= Extracted material =
# # # # # # #

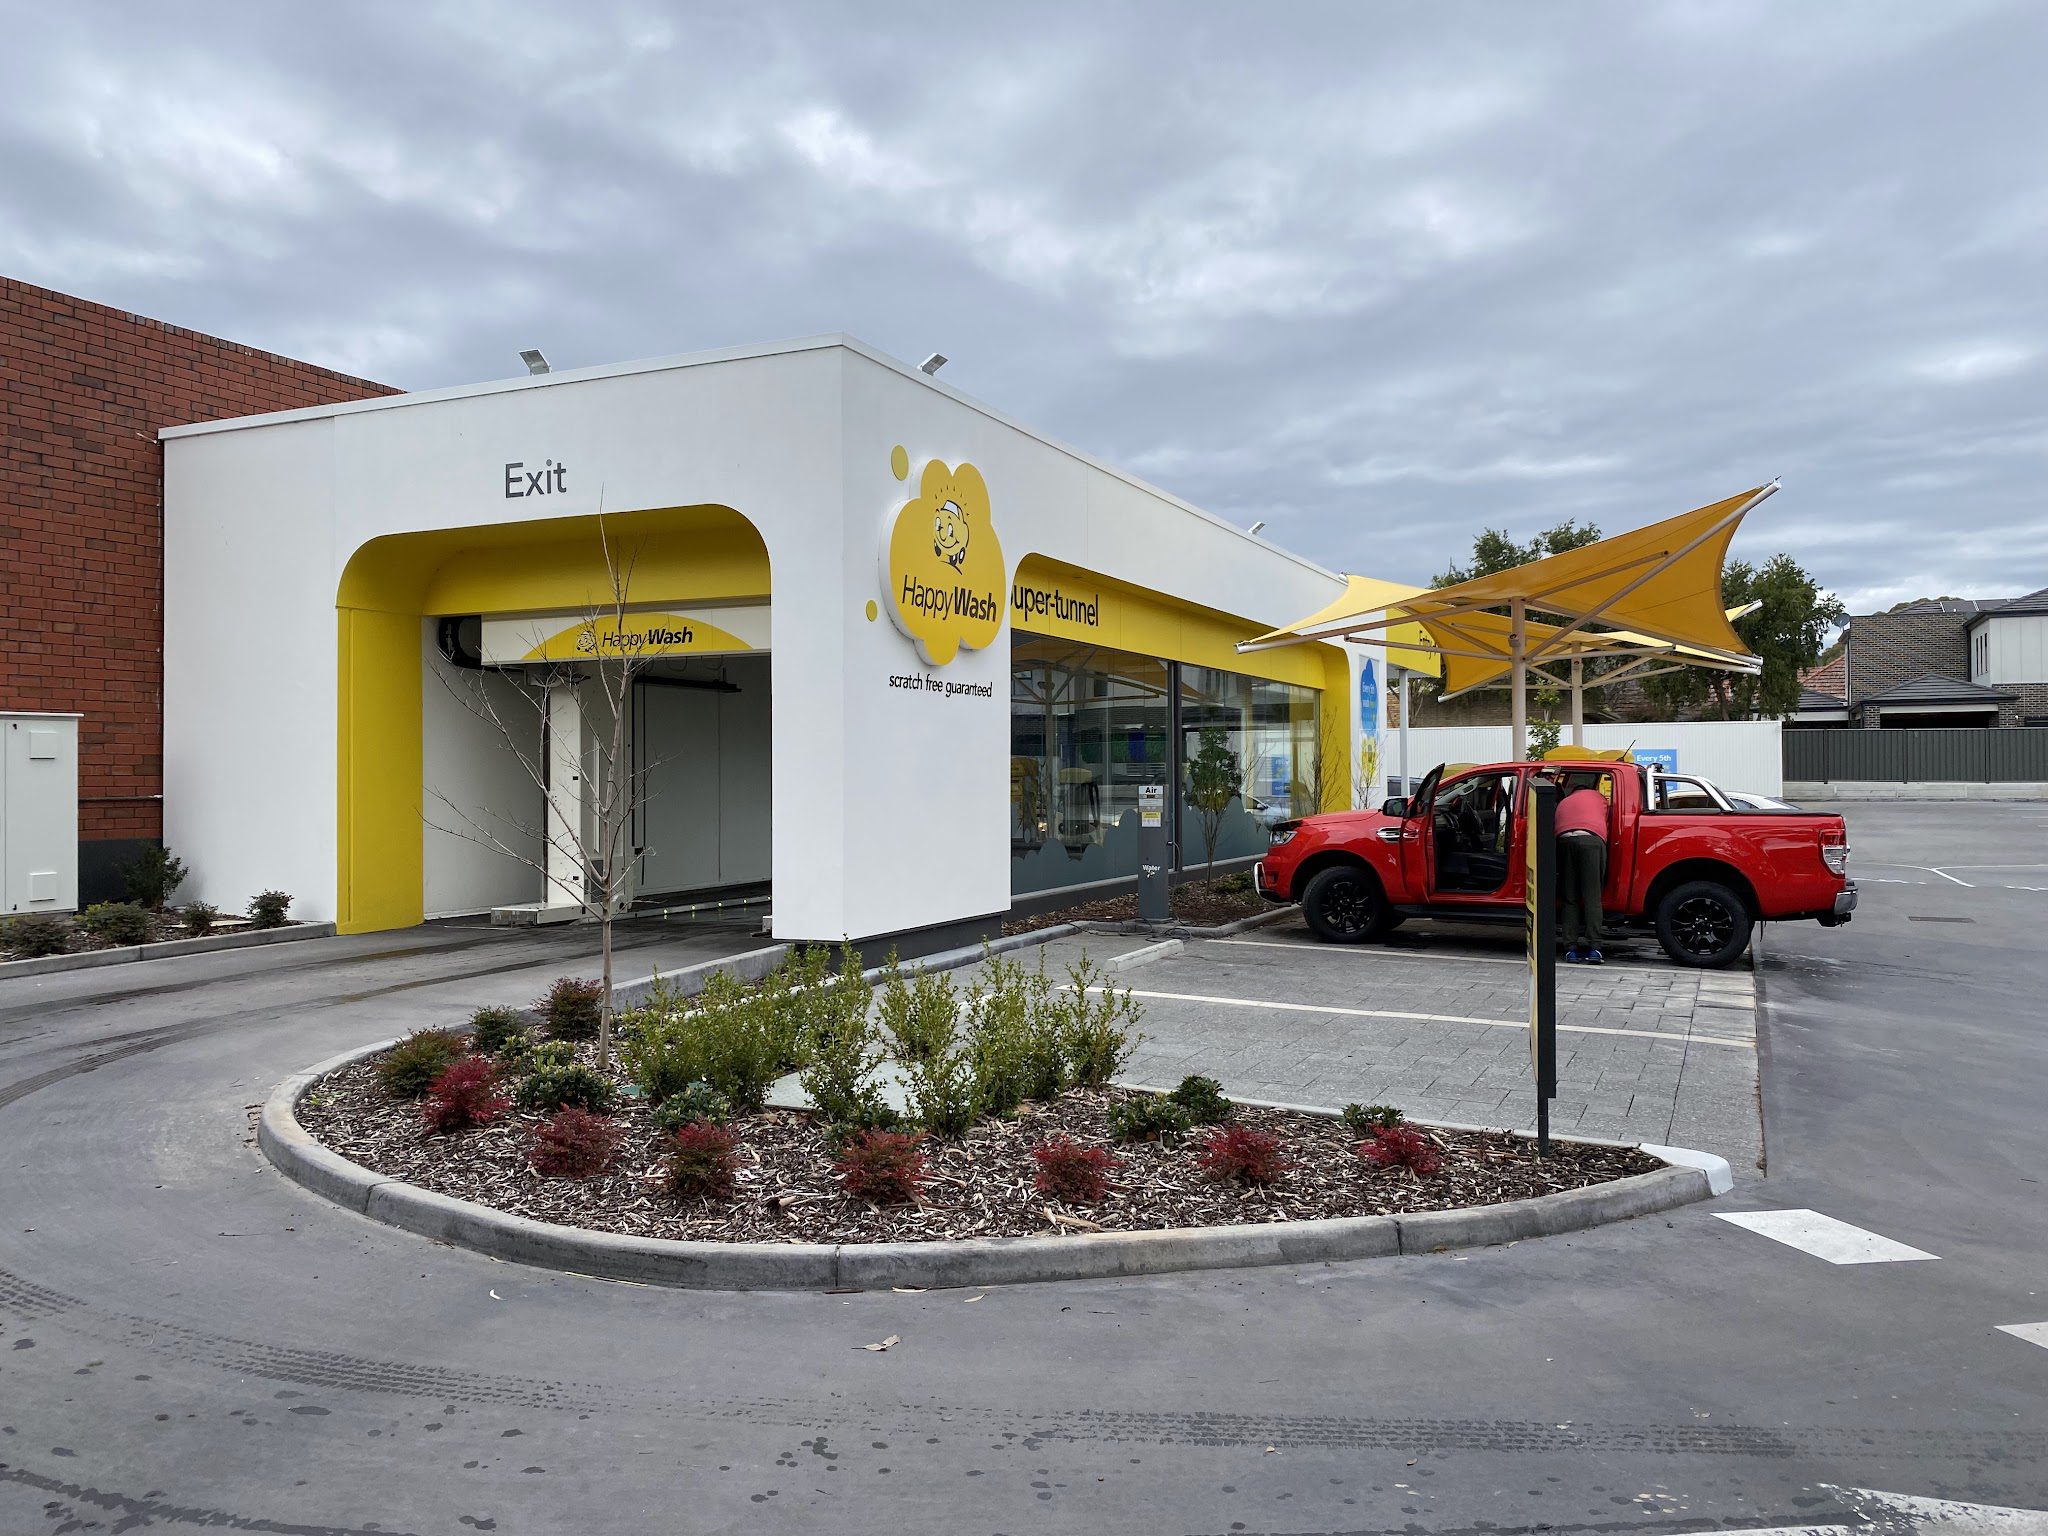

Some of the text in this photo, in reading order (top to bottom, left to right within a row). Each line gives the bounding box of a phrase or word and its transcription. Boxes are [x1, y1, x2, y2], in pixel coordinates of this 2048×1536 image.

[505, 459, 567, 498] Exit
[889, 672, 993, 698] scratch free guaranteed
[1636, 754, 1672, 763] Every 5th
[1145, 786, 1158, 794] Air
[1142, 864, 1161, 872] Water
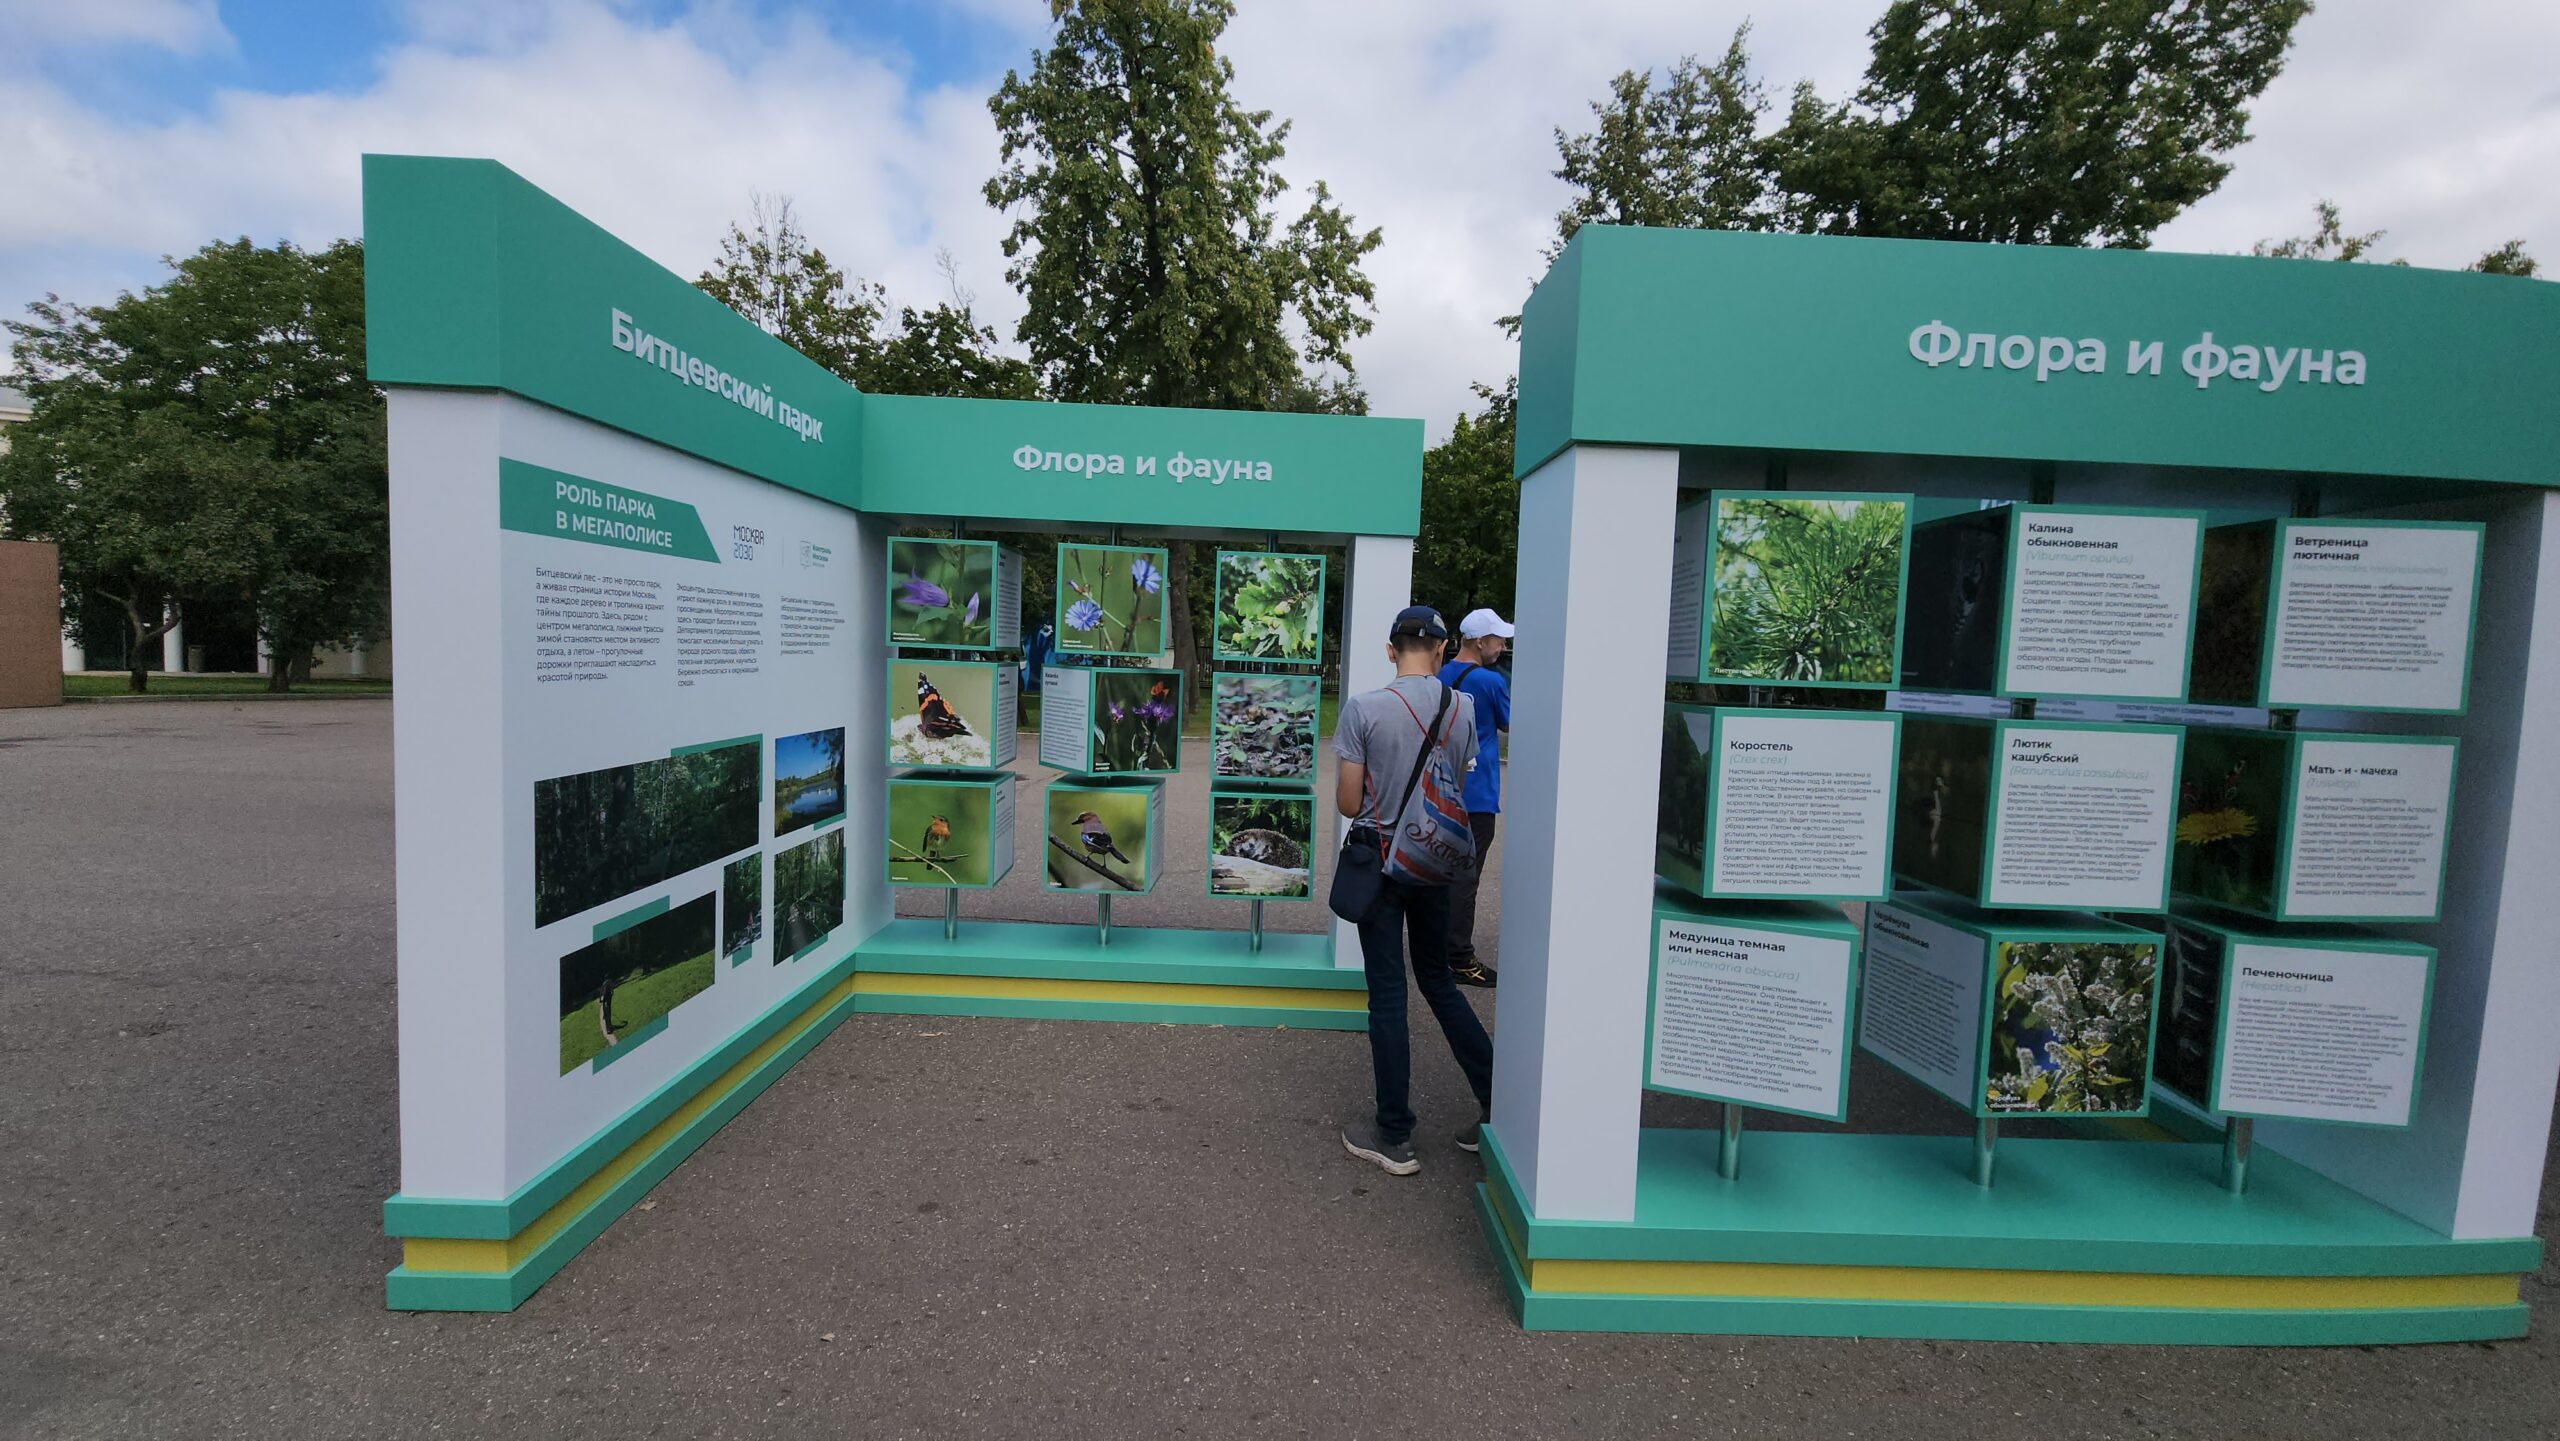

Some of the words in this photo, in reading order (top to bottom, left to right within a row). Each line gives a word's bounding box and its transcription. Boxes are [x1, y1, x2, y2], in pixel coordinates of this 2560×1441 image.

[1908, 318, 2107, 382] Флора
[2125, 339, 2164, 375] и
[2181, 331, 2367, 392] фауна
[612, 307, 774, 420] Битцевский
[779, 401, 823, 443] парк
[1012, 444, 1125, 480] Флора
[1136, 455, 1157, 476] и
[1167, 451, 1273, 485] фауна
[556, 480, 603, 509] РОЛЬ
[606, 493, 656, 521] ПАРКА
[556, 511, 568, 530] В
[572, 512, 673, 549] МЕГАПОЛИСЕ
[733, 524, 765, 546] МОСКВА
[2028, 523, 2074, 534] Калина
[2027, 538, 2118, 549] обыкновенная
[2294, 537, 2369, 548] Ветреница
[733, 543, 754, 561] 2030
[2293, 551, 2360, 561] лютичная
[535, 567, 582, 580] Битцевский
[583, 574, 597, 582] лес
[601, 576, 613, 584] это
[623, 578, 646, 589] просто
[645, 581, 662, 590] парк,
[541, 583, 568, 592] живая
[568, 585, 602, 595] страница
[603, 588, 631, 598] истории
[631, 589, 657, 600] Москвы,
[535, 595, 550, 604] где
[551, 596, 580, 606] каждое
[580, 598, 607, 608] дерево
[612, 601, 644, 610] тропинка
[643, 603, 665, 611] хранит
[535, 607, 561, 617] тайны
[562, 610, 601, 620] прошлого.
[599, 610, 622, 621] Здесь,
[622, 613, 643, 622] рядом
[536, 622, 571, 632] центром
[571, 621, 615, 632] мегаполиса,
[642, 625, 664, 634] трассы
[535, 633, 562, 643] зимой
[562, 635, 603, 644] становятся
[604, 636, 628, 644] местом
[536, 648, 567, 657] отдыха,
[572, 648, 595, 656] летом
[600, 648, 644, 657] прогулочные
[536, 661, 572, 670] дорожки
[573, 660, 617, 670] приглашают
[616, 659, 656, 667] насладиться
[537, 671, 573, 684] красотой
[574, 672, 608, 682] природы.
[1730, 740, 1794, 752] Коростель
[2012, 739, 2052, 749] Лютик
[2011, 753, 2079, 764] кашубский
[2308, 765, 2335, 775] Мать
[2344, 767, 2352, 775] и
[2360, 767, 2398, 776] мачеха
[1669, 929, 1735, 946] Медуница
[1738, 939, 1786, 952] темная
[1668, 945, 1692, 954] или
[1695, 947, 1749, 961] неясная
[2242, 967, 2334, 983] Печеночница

# # # # # # #

Images stay out; everything else in the records must be given again exactly.

Some of the text in this photo, in reading order (top to bottom, left to right within a row). Each line gives the bounding box of a phrase or word and its transcription. Boxes are [x1, y1, x2, y2], in pixel coordinates of this 2048×1536 image.

[505, 459, 567, 498] Exit
[889, 672, 993, 698] scratch free guaranteed
[1636, 754, 1672, 763] Every 5th
[1145, 786, 1158, 794] Air
[1142, 864, 1161, 872] Water

Some of the words in this photo, in reading order (top to bottom, left to right within a row). Each line gives a word's bounding box and its transcription. Boxes are [x1, y1, x2, y2], in pixel coordinates of this 2560×1441 image.

[1908, 318, 2107, 382] Флора
[2125, 339, 2164, 375] и
[2181, 331, 2367, 392] фауна
[612, 307, 774, 420] Битцевский
[779, 401, 823, 443] парк
[1012, 444, 1125, 480] Флора
[1136, 455, 1157, 476] и
[1167, 451, 1273, 485] фауна
[556, 480, 603, 509] РОЛЬ
[606, 493, 656, 521] ПАРКА
[556, 511, 568, 530] В
[572, 512, 673, 549] МЕГАПОЛИСЕ
[733, 524, 765, 546] МОСКВА
[2028, 523, 2074, 534] Калина
[2027, 538, 2118, 549] обыкновенная
[2294, 537, 2369, 548] Ветреница
[733, 543, 754, 561] 2030
[2293, 551, 2360, 561] лютичная
[535, 567, 582, 580] Битцевский
[583, 574, 597, 582] лес
[601, 576, 613, 584] это
[623, 578, 646, 589] просто
[645, 581, 662, 590] парк,
[541, 583, 568, 592] живая
[568, 585, 602, 595] страница
[603, 588, 631, 598] истории
[631, 589, 657, 600] Москвы,
[535, 595, 550, 604] где
[551, 596, 580, 606] каждое
[580, 598, 607, 608] дерево
[612, 601, 644, 610] тропинка
[643, 603, 665, 611] хранит
[535, 607, 561, 617] тайны
[562, 610, 601, 620] прошлого.
[599, 610, 622, 621] Здесь,
[622, 613, 643, 622] рядом
[536, 622, 571, 632] центром
[571, 621, 615, 632] мегаполиса,
[642, 625, 664, 634] трассы
[535, 633, 562, 643] зимой
[562, 635, 603, 644] становятся
[604, 636, 628, 644] местом
[536, 648, 567, 657] отдыха,
[572, 648, 595, 656] летом
[600, 648, 644, 657] прогулочные
[536, 661, 572, 670] дорожки
[573, 660, 617, 670] приглашают
[616, 659, 656, 667] насладиться
[537, 671, 573, 684] красотой
[574, 672, 608, 682] природы.
[1730, 740, 1794, 752] Коростель
[2012, 739, 2052, 749] Лютик
[2011, 753, 2079, 764] кашубский
[2308, 765, 2335, 775] Мать
[2344, 767, 2352, 775] и
[2360, 767, 2398, 776] мачеха
[1669, 929, 1735, 946] Медуница
[1738, 939, 1786, 952] темная
[1668, 945, 1692, 954] или
[1695, 947, 1749, 961] неясная
[2242, 967, 2334, 983] Печеночница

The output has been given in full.